Hugo était penaud et furieux. Il ramassa un bâton et se jeta sur son agresseur. Le cercle se ferma autour des combattants. Les paris s’engagèrent. On aiguillonna les adversaires par des cris et des quolibets.

Hugo ne doutait point de l’issue de cette lutte. Il est probable qu’il eût rougi de la pousser plus loin, tant les forces des adversaires paraissaient inégales, s’il n’avait été en ce moment sous l’empire d’une surexcitation augmentée par le dépit.

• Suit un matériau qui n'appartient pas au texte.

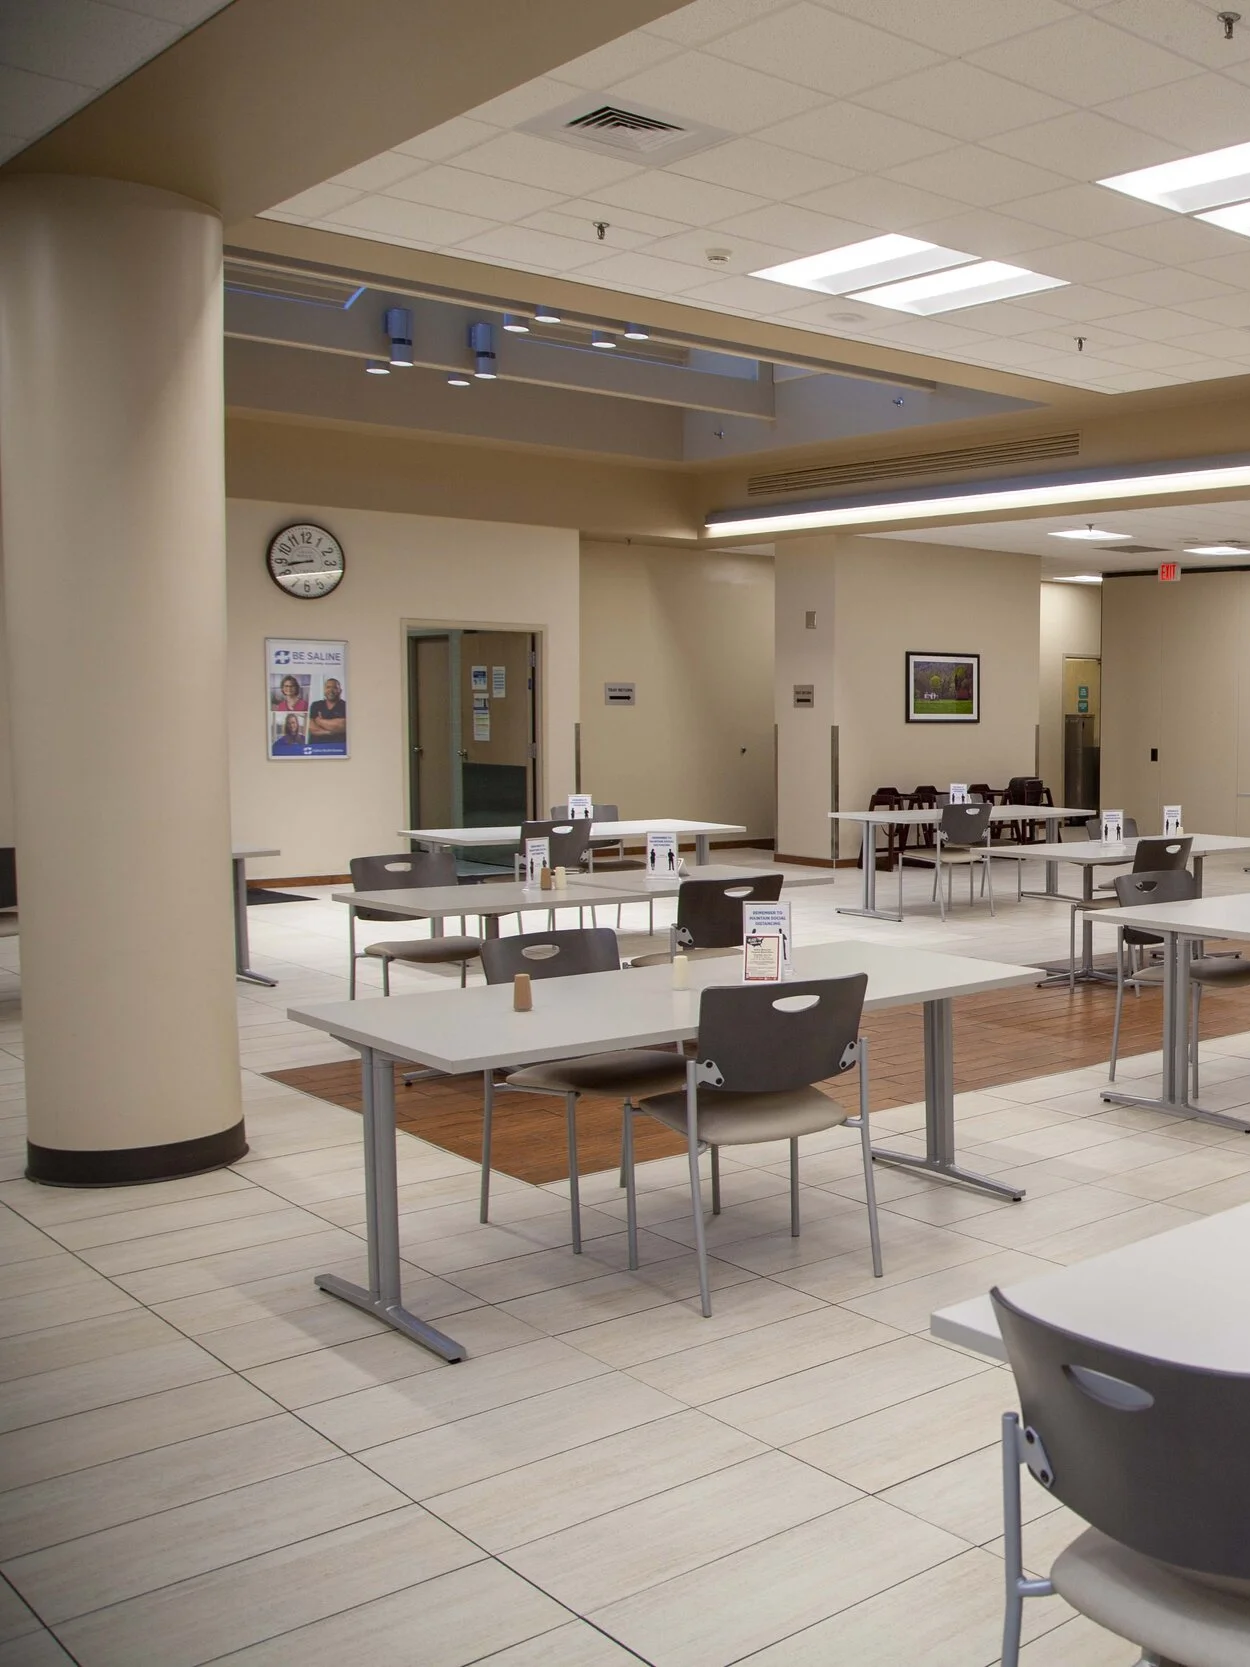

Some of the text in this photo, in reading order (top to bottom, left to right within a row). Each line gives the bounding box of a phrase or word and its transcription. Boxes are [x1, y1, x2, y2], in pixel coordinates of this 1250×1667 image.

En réalité Hugo ne savait pas à qui il avait affaire. Le vagabond n’était pas même un bretteur. Novice en escrime, gauche, maladroit, il frappait à tort et à travers.

Or, il avait devant lui le royal élève des maîtres d’armes les plus renommés de l’époque. Édouard n’ignorait aucun secret de l’école, et maniait avec la même dextérité la canne, le bâton et l’épée.

Il fallait voir le petit roi, alerte et gracieux, marcher, rompre, riposter, se rire de la grêle de coups que le gredin prétendait faire pleuvoir sur lui, le corps droit et d’aplomb sur les hanches, les épaules bien effacées, les genoux légèrement ployés, les bras souples et vigoureux, les mouvements libres et calmes, soit qu’il se mît en garde en se développant, soit qu’il attaquât.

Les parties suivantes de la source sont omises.